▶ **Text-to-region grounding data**

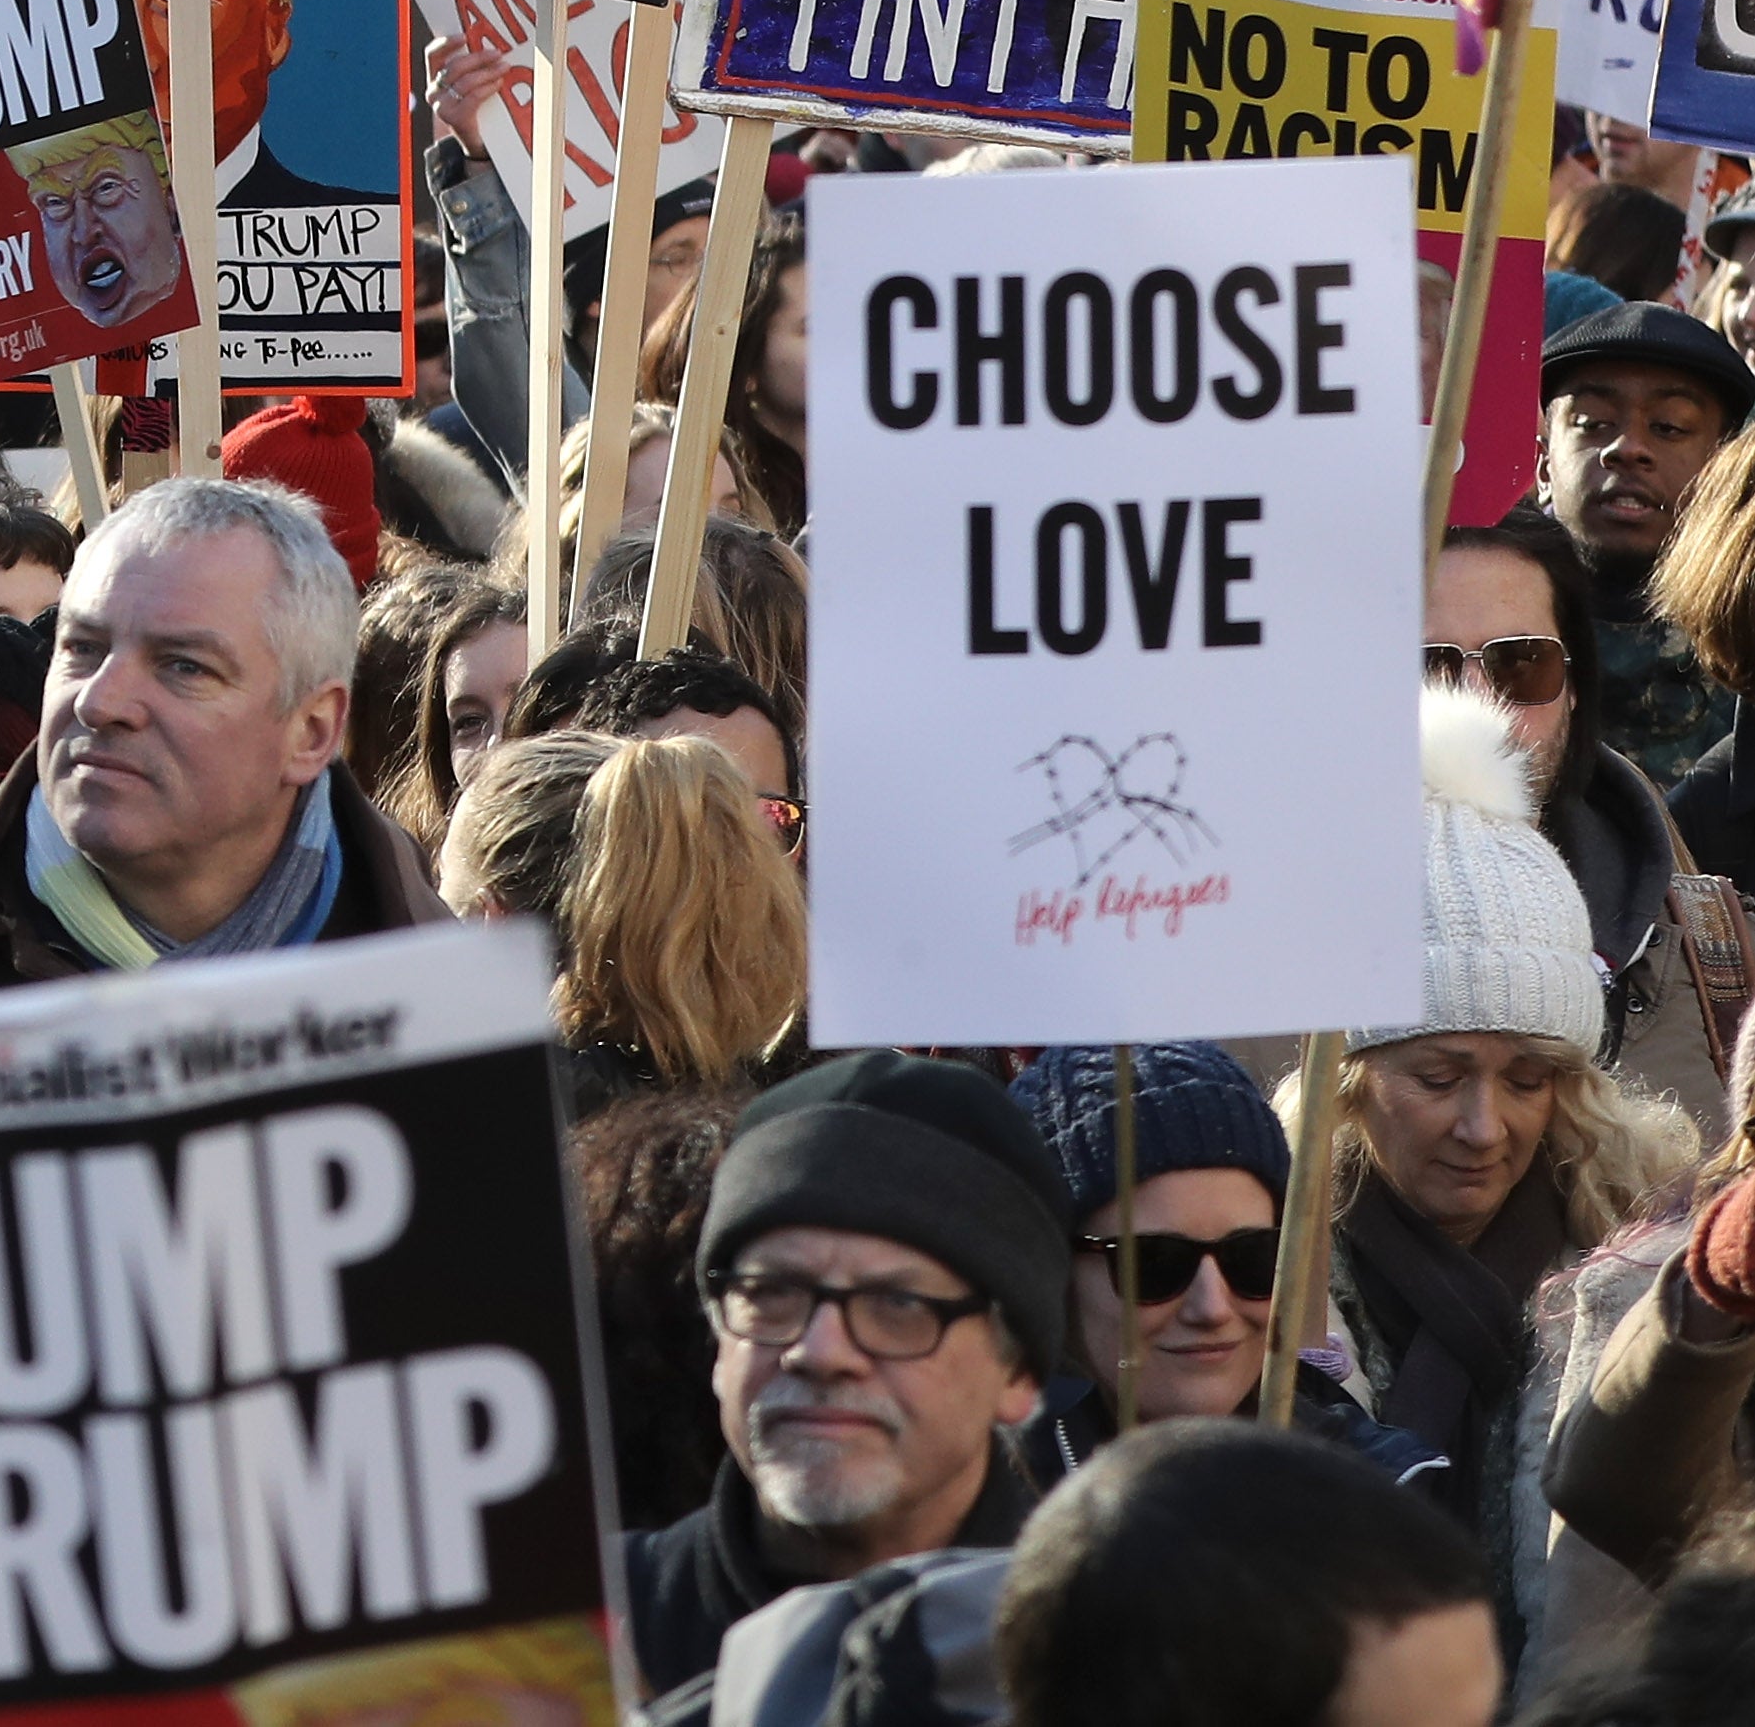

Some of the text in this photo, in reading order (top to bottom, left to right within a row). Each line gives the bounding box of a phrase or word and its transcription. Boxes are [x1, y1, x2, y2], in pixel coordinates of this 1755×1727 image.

[1168, 1, 1287, 100] NO
[1312, 27, 1431, 121] TO
[218, 207, 380, 258] TRUMP
[292, 265, 385, 315] PAY!
[865, 261, 1357, 430] CHOOSE
[964, 495, 1264, 658] LOVE
[1015, 885, 1082, 947] Help
[169, 1001, 405, 1088] Worker
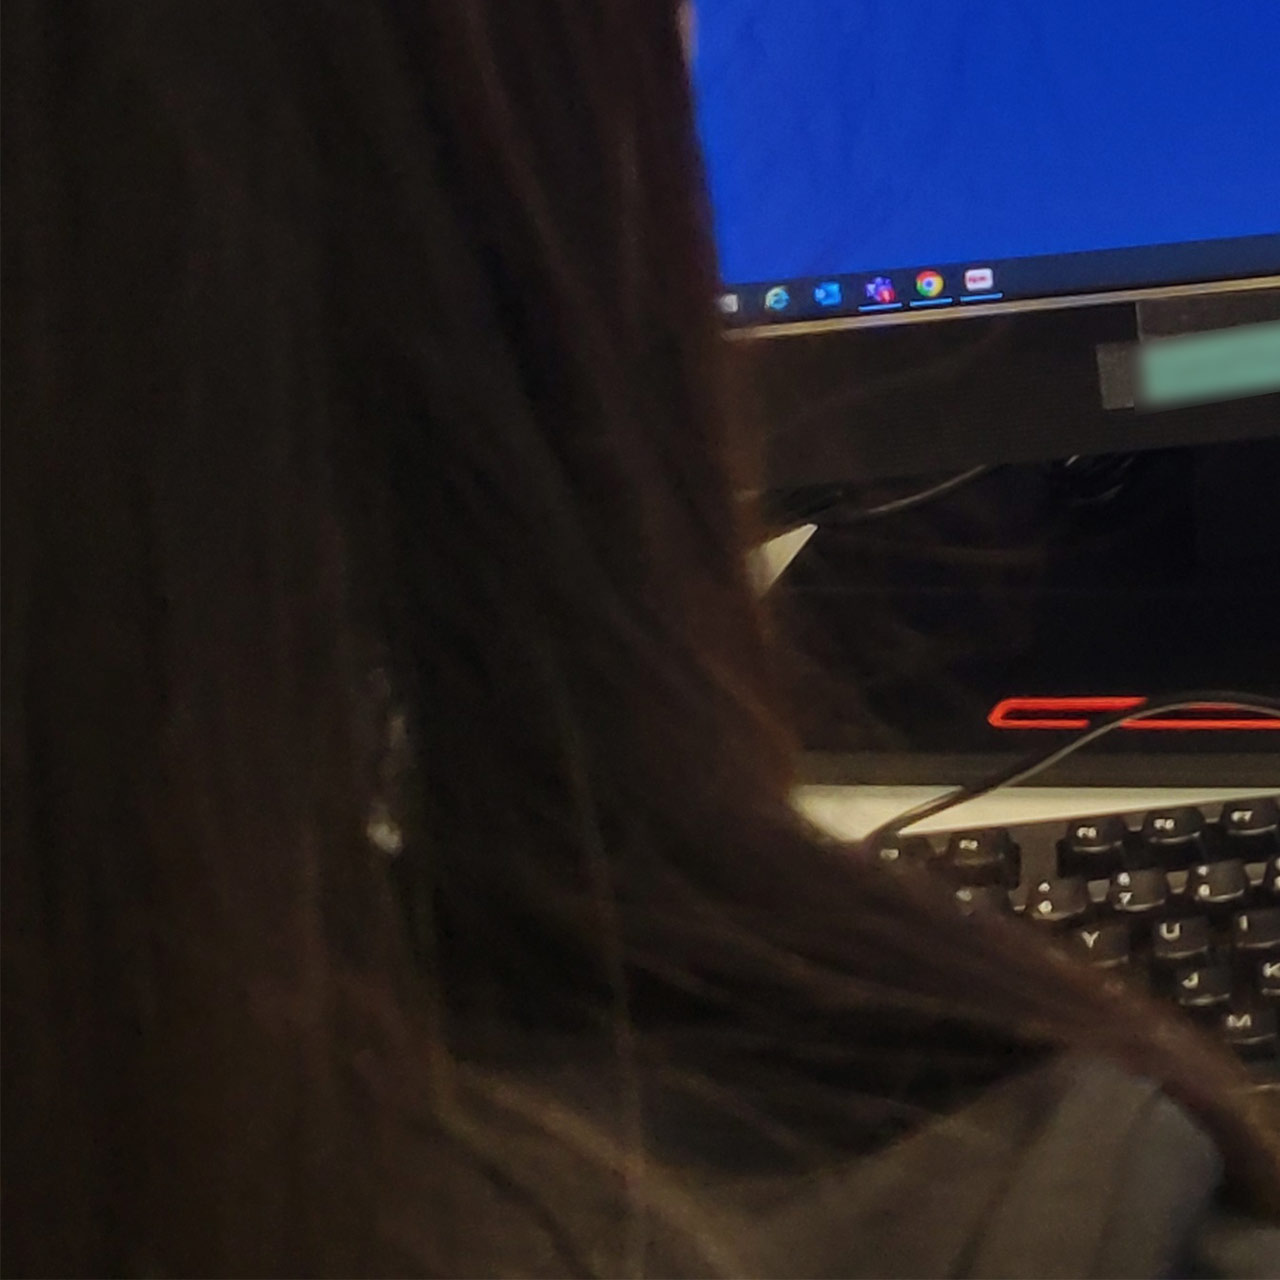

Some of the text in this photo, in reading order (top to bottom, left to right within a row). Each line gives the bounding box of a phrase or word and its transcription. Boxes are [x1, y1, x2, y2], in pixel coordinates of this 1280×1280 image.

[1081, 929, 1101, 949] Y
[1160, 922, 1181, 940] U
[1181, 970, 1199, 990] J
[1226, 1012, 1252, 1029] M
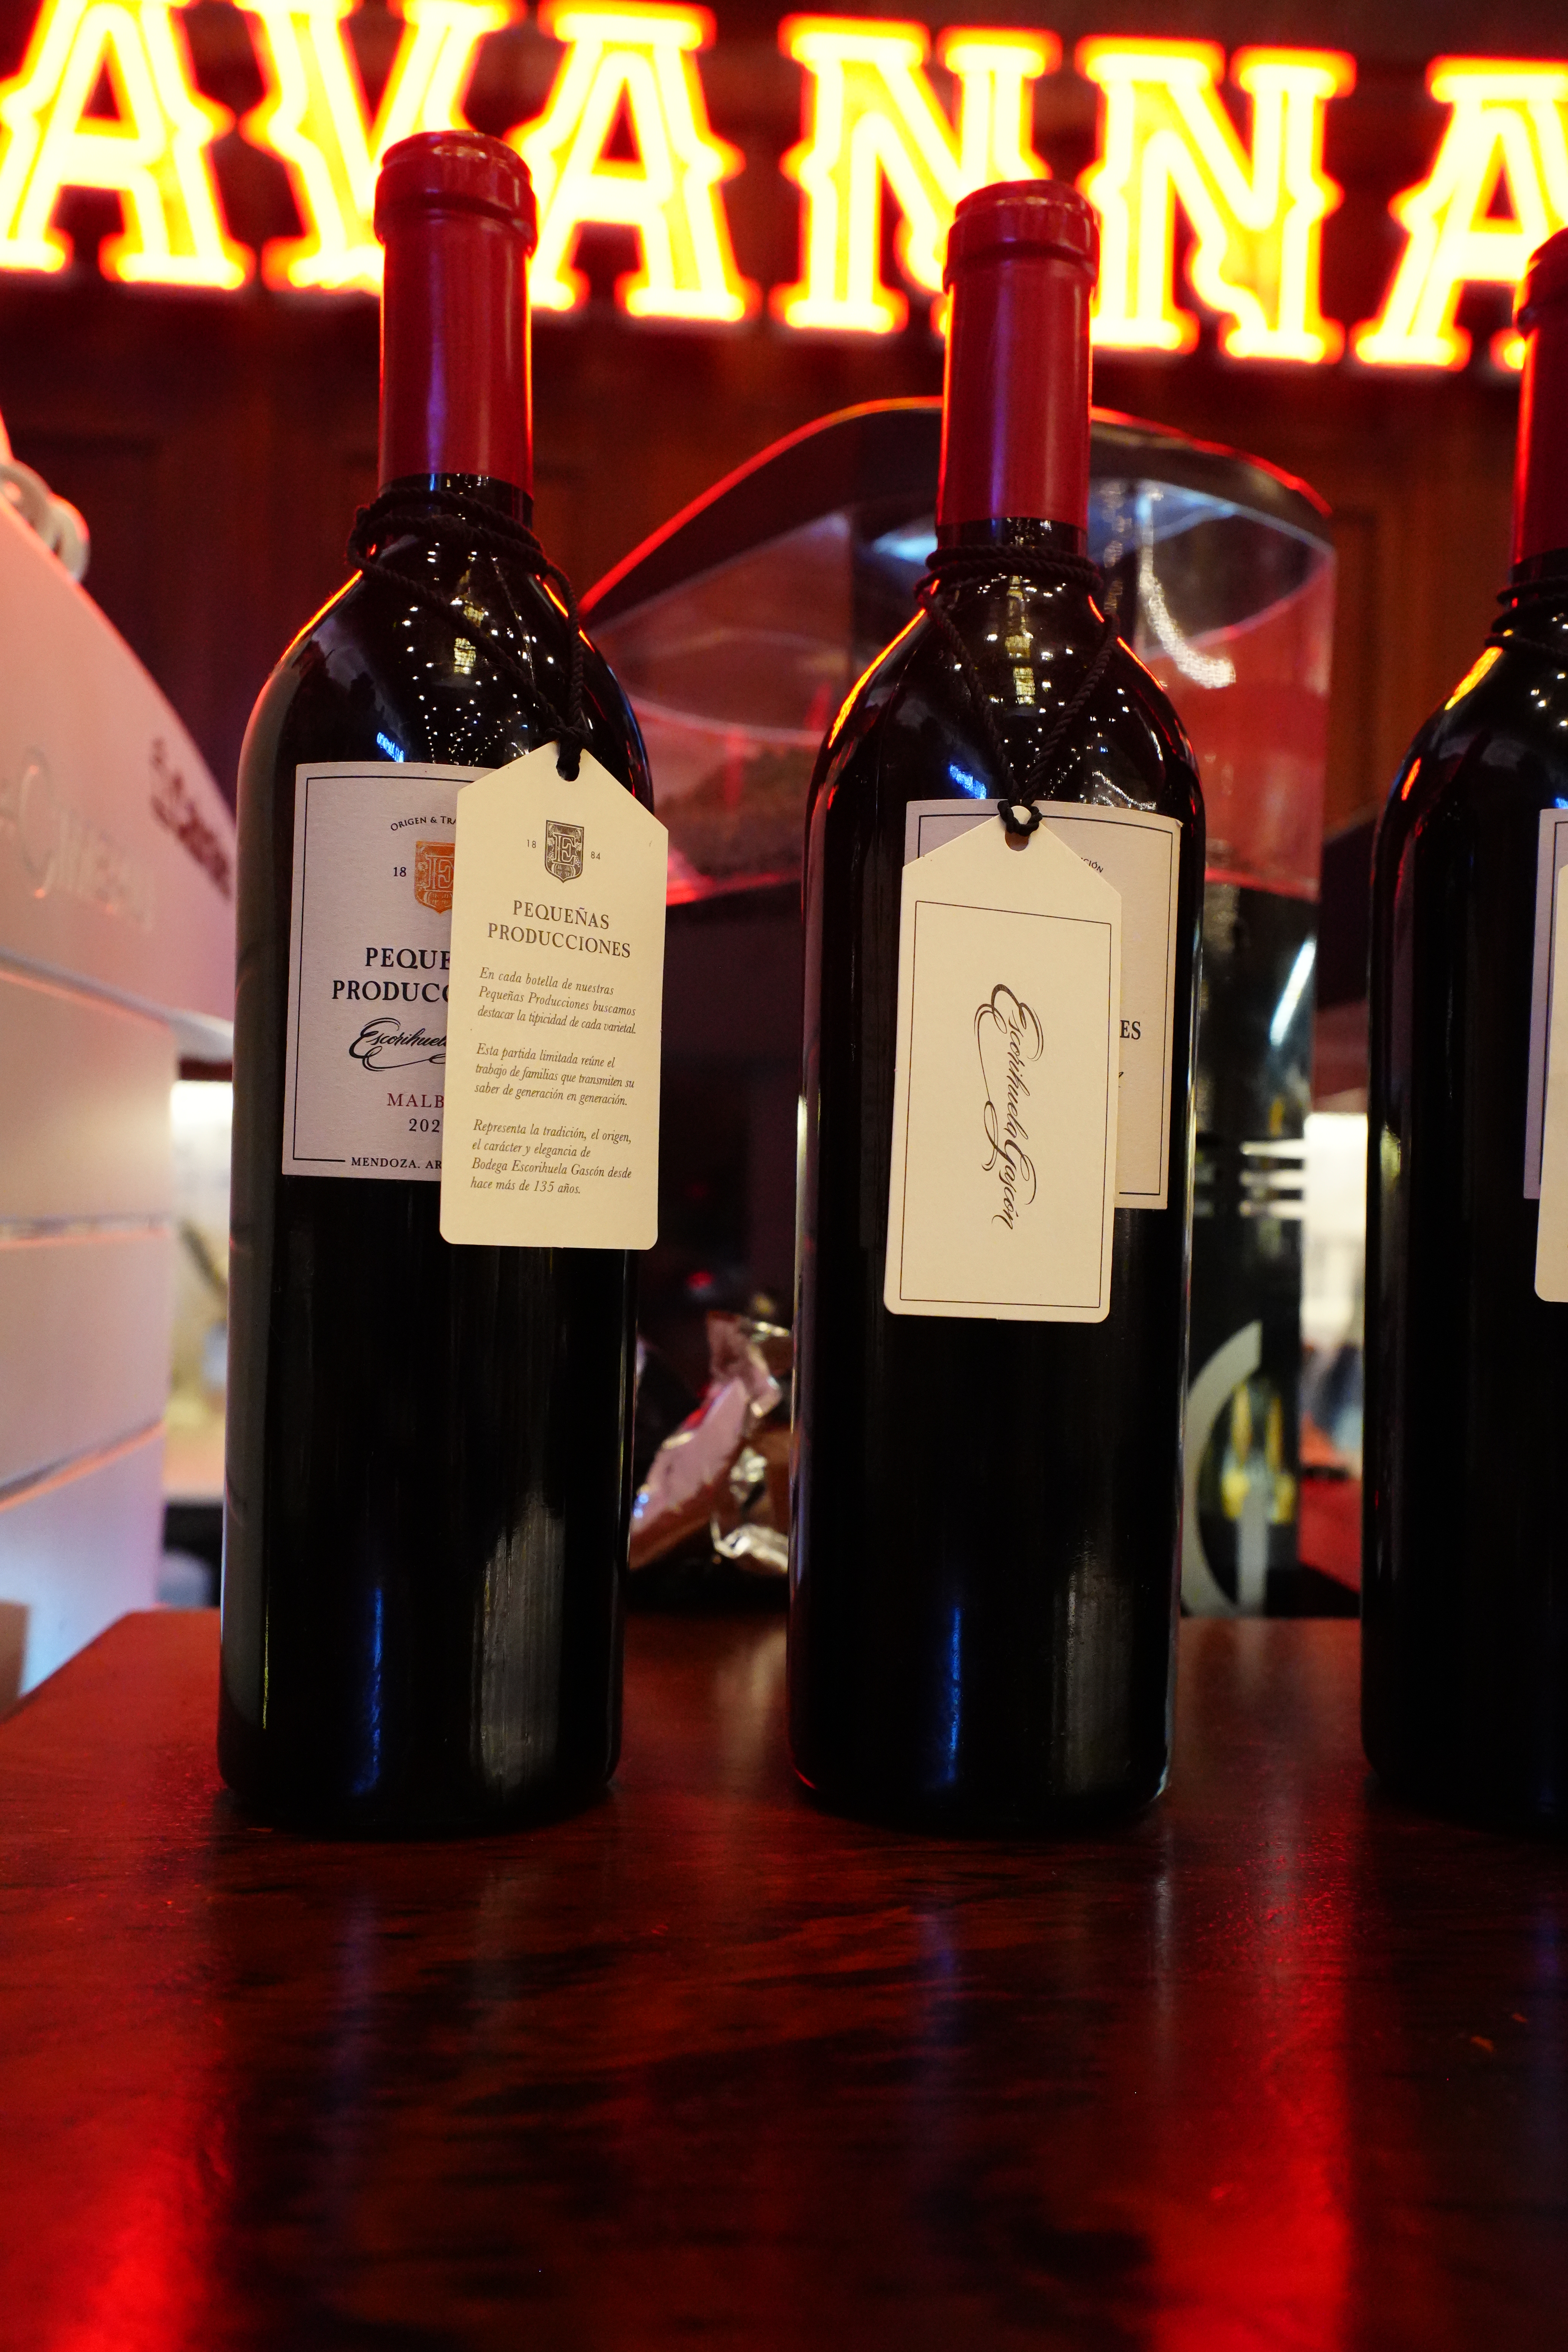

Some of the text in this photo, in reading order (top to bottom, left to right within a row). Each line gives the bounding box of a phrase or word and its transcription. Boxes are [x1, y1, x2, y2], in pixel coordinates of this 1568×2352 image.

[391, 817, 427, 831] ORIGEN
[526, 839, 536, 848] 18
[591, 851, 601, 860] 84
[393, 867, 407, 877] 18
[513, 899, 610, 930] PEQUEÑAS
[487, 922, 631, 958] PRODUCCIONES
[480, 967, 614, 995] En cada botella de nuestras
[478, 985, 636, 1016] Pequeñas Producciones buscamos
[477, 1005, 636, 1034] destacar la tipicidad de cada varietal.
[476, 1043, 615, 1068] Esta partida limitada reúne el
[974, 984, 1043, 1139] Escorihuela
[475, 1063, 634, 1088] trabajo de familias que transmiten su
[474, 1083, 628, 1106] saber de generación en generación.
[473, 1119, 631, 1144] Representa la tradición, el origen,
[472, 1140, 591, 1158] el carácter y elegancia de
[351, 1157, 420, 1168] MENDOZA.
[471, 1157, 632, 1178] Bodega Escorihuela Gascón desde
[470, 1177, 580, 1194] hace más de 135 años.

▶ **Required action**
Every record above should be duplicated precisely, with the images removed.

▶ **Written solution**
Some of the text in this photo, in reading order (top to bottom, left to right within a row). Each line gives the bounding box of a phrase or word and its transcription. Boxes are [x1, y1, x2, y2], in pixel coordinates of this 1755×1727 image.

[1168, 1, 1287, 100] NO
[1312, 27, 1431, 121] TO
[218, 207, 380, 258] TRUMP
[292, 265, 385, 315] PAY!
[865, 261, 1357, 430] CHOOSE
[964, 495, 1264, 658] LOVE
[1015, 885, 1082, 947] Help
[169, 1001, 405, 1088] Worker

Some of the text in this photo, in reading order (top to bottom, left to right within a row). Each line gives the bounding box of a phrase or word and its transcription. Boxes are [x1, y1, x2, y2], in pixel coordinates of this 1280×1280 image.

[1081, 929, 1101, 949] Y
[1160, 922, 1181, 940] U
[1181, 970, 1199, 990] J
[1226, 1012, 1252, 1029] M

Some of the text in this photo, in reading order (top to bottom, left to right within a row). Each line gives the bounding box of a phrase or word and its transcription. Boxes are [x1, y1, x2, y2], in pixel coordinates of this 1568×2352 image.

[391, 817, 427, 831] ORIGEN
[526, 839, 536, 848] 18
[591, 851, 601, 860] 84
[393, 867, 407, 877] 18
[513, 899, 610, 930] PEQUEÑAS
[487, 922, 631, 958] PRODUCCIONES
[480, 967, 614, 995] En cada botella de nuestras
[478, 985, 636, 1016] Pequeñas Producciones buscamos
[477, 1005, 636, 1034] destacar la tipicidad de cada varietal.
[476, 1043, 615, 1068] Esta partida limitada reúne el
[974, 984, 1043, 1139] Escorihuela
[475, 1063, 634, 1088] trabajo de familias que transmiten su
[474, 1083, 628, 1106] saber de generación en generación.
[473, 1119, 631, 1144] Representa la tradición, el origen,
[472, 1140, 591, 1158] el carácter y elegancia de
[351, 1157, 420, 1168] MENDOZA.
[471, 1157, 632, 1178] Bodega Escorihuela Gascón desde
[470, 1177, 580, 1194] hace más de 135 años.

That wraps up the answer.